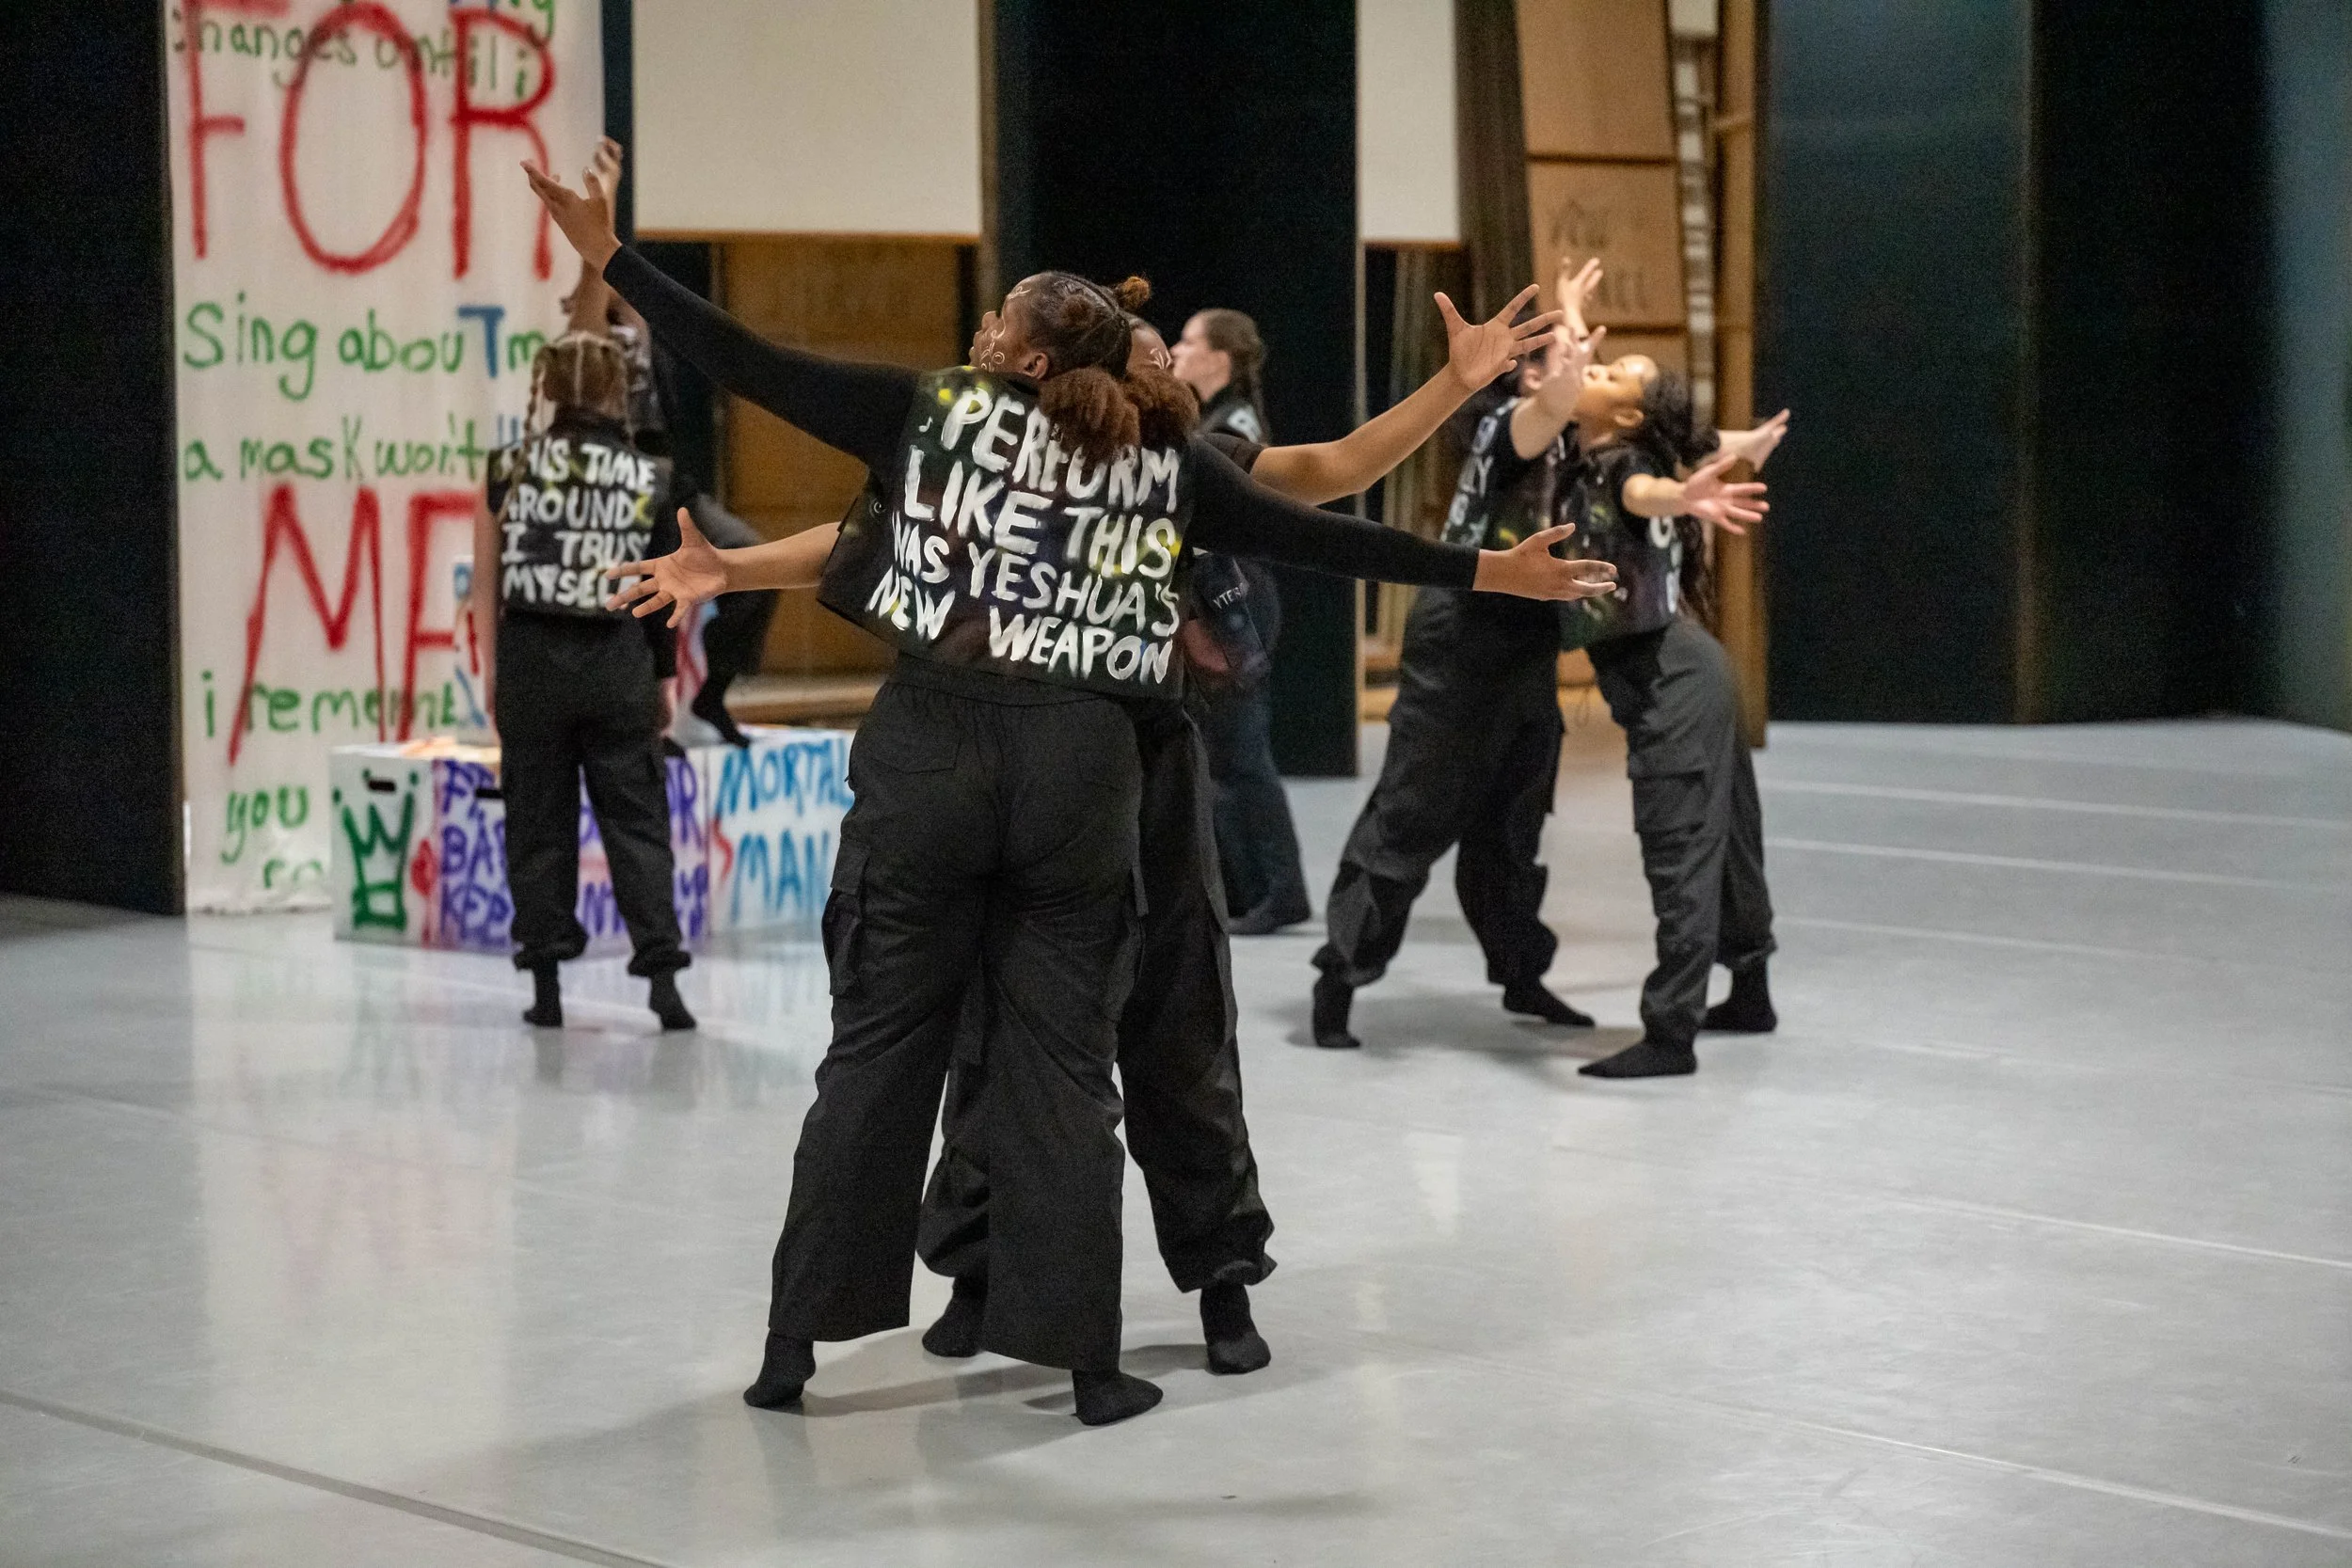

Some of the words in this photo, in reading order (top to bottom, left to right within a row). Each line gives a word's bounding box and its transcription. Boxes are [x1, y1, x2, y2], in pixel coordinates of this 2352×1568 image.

[181, 0, 557, 280] FOR
[184, 291, 318, 402] Sing
[185, 438, 223, 481] a
[580, 442, 658, 495] TIME
[501, 522, 528, 563] I
[904, 444, 1053, 555] LIKE
[1063, 506, 1176, 578] THIS
[892, 511, 950, 584] WAS
[968, 542, 1180, 637] YESHUA'S
[866, 565, 955, 641] NEW
[990, 606, 1174, 685] WEAPON
[201, 669, 215, 737] i
[220, 784, 310, 865] you

- Assignment -
What is needed is the whole listing again, set down exactly, without its pictures.

- Output of the task -
Some of the words in this photo, in reading order (top to bottom, left to right within a row). Each line gives a word's bounding box and its transcription. Boxes are [x1, y1, x2, y2], in pixel coordinates of this 2352×1568 image.

[181, 0, 557, 280] FOR
[184, 291, 318, 402] Sing
[185, 438, 223, 481] a
[580, 442, 658, 495] TIME
[501, 522, 528, 563] I
[904, 444, 1053, 555] LIKE
[1063, 506, 1176, 578] THIS
[892, 511, 950, 584] WAS
[968, 542, 1180, 637] YESHUA'S
[866, 565, 955, 641] NEW
[990, 606, 1174, 685] WEAPON
[201, 669, 215, 737] i
[220, 784, 310, 865] you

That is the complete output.